Nicole addresses her bulimia battle with new album

Singer’s new album titled Big Fat Lie inspired by her eating disorder and the fight to overcome it


News Desk October 05, 2014

She is the ex-Pussycat Doll turned X-Factor icon and an inspiration to many. Nicole Scherzinger will draw on her new album to address her eating disorder. Big Fat Lie takes its name from the singer’s tedious fight with bulimia, helping her “create something beautiful from... something that wasn’t once so beautiful,” she explained in an interview with digitalspy.co.uk.

The singer will release Big Fat Lie as her second solo collection on October 20. “This is me finally being revealed. I think we all have our own big fat lies. You know, things aren’t always what they seem. I think people will be able to relate to that,” said the singer.

Scherzinger, who hadn’t initially planned to associate the soundtrack with her bulimia struggle, talked to The Dream, her producer, and elaborated to him personally what she wanted the track to represent: “This is a big part of who I am and what has gotten me here. And what has gotten me to this place of strength”. The pop icon added that she doesn’t find reminiscing about her dark time to be an ordeal anymore, but rather sees it as a form of release and therapy.

Scherzinger, 36, first publicised her long-secret eating disorder in 2012. She described her condition as an “addiction”. She had been suffering from bulimia since around 2004, when she joined the Pussycat Dolls. “I [threw up] every day for, like, years,” she said. “I was in a group, and I never felt so alone in my life ... Every time I had a second to be alone, I was doing something to myself. [People with bulimia] get, like, blisters on [their] hands or scars on [their] hands, and I’d try to hide those. I think the girls could tell.”
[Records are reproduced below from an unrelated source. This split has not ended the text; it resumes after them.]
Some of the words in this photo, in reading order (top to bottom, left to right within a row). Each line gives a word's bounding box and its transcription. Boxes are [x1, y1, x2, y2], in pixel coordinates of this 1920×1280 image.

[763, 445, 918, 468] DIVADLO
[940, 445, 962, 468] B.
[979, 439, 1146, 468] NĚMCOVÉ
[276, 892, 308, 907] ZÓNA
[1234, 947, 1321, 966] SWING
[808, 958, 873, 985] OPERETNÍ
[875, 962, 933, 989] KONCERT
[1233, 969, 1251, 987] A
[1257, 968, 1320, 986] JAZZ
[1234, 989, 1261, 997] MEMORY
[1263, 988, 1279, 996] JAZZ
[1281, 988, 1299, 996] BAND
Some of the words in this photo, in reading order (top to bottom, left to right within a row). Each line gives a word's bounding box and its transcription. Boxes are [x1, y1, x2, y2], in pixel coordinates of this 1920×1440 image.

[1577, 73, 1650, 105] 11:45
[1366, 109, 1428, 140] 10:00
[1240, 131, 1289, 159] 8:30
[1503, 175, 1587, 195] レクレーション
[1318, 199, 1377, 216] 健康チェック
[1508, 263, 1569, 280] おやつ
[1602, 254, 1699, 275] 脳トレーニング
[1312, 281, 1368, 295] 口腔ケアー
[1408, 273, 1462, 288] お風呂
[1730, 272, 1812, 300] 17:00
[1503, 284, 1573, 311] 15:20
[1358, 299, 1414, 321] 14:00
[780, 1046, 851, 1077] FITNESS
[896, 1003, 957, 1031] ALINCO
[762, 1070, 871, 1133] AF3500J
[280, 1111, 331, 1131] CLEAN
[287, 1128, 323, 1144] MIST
Even though it was a sensitive subject for Scherzinger to talk about, she wanted to reach out to others: “I was able to help other people and inspire other people battling any disorders or any diseases themselves.”

“I had such a great life on the outside, the Dolls were on top of the world, but I was miserable on the inside,” she reveals in the August issue of Cosmopolitan in the UK “I’m never letting that happen again.”  The singer has finally got a hold of “clarity and acceptance” in her life and is making a heart-felt effort to encourage young girls to be comfortable in their skin and get help if they suffer from body issues.

Published in The Express Tribune, October 6th, 2014.